Recorded data:
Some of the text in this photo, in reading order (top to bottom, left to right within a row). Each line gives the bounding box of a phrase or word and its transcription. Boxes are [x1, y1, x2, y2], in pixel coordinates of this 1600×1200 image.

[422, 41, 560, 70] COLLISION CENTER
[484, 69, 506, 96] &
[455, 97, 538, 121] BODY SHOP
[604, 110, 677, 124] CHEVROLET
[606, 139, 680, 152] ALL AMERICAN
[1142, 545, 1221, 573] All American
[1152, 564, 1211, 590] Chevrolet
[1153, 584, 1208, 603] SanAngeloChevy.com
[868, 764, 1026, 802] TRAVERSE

Task to carry out: Return every record above exactly as written.

Exercise result:
Some of the text in this photo, in reading order (top to bottom, left to right within a row). Each line gives the bounding box of a phrase or word and its transcription. Boxes are [x1, y1, x2, y2], in pixel coordinates of this 1600×1200 image.

[422, 41, 560, 70] COLLISION CENTER
[484, 69, 506, 96] &
[455, 97, 538, 121] BODY SHOP
[604, 110, 677, 124] CHEVROLET
[606, 139, 680, 152] ALL AMERICAN
[1142, 545, 1221, 573] All American
[1152, 564, 1211, 590] Chevrolet
[1153, 584, 1208, 603] SanAngeloChevy.com
[868, 764, 1026, 802] TRAVERSE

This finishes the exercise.